(Phrase grounding data)
********

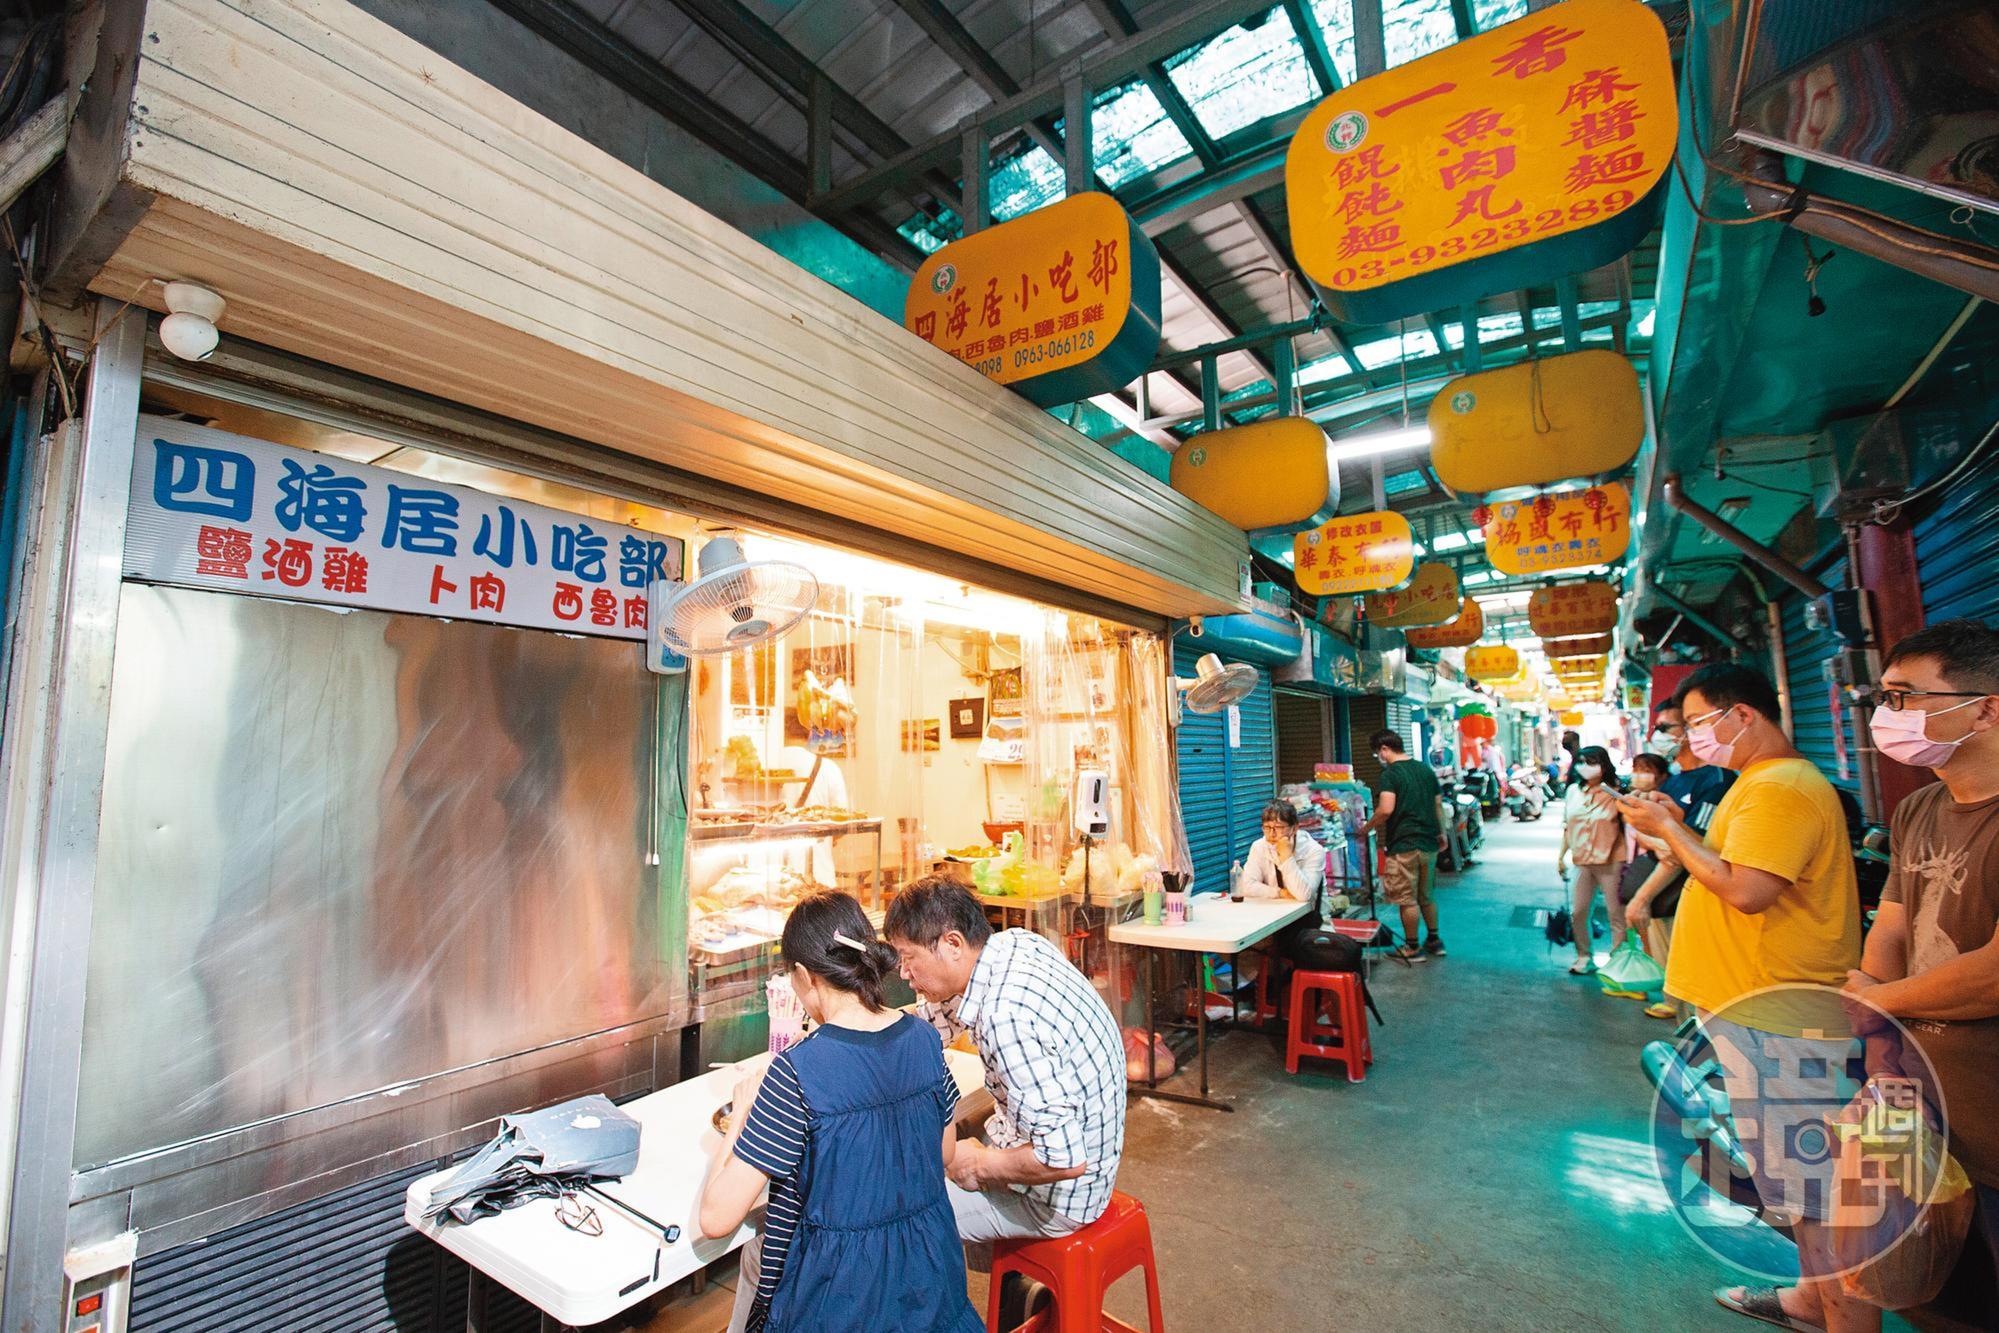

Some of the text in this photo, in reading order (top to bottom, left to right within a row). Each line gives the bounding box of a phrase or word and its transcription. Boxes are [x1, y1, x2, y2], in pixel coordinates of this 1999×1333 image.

[1556, 66, 1653, 195] 麻醬麵
[1330, 144, 1406, 261] 餛飩麵
[1333, 189, 1635, 287] 03-9323289
[914, 239, 1118, 342] 四海居小吃部
[1014, 330, 1095, 368] 0963-066128
[153, 438, 667, 588] 四海居小吃部
[196, 524, 368, 595] 鹽酒雞
[429, 564, 507, 613] 卜肉
[552, 581, 648, 631] 西魯肉

********

PROBLEM STATEMENT ->
Repeat each line above exactly. The pictures stay out.

EXERCISE ANSWER ->
Some of the text in this photo, in reading order (top to bottom, left to right within a row). Each line gives the bounding box of a phrase or word and its transcription. Boxes are [x1, y1, x2, y2], in pixel coordinates of this 1999×1333 image.

[1556, 66, 1653, 195] 麻醬麵
[1330, 144, 1406, 261] 餛飩麵
[1333, 189, 1635, 287] 03-9323289
[914, 239, 1118, 342] 四海居小吃部
[1014, 330, 1095, 368] 0963-066128
[153, 438, 667, 588] 四海居小吃部
[196, 524, 368, 595] 鹽酒雞
[429, 564, 507, 613] 卜肉
[552, 581, 648, 631] 西魯肉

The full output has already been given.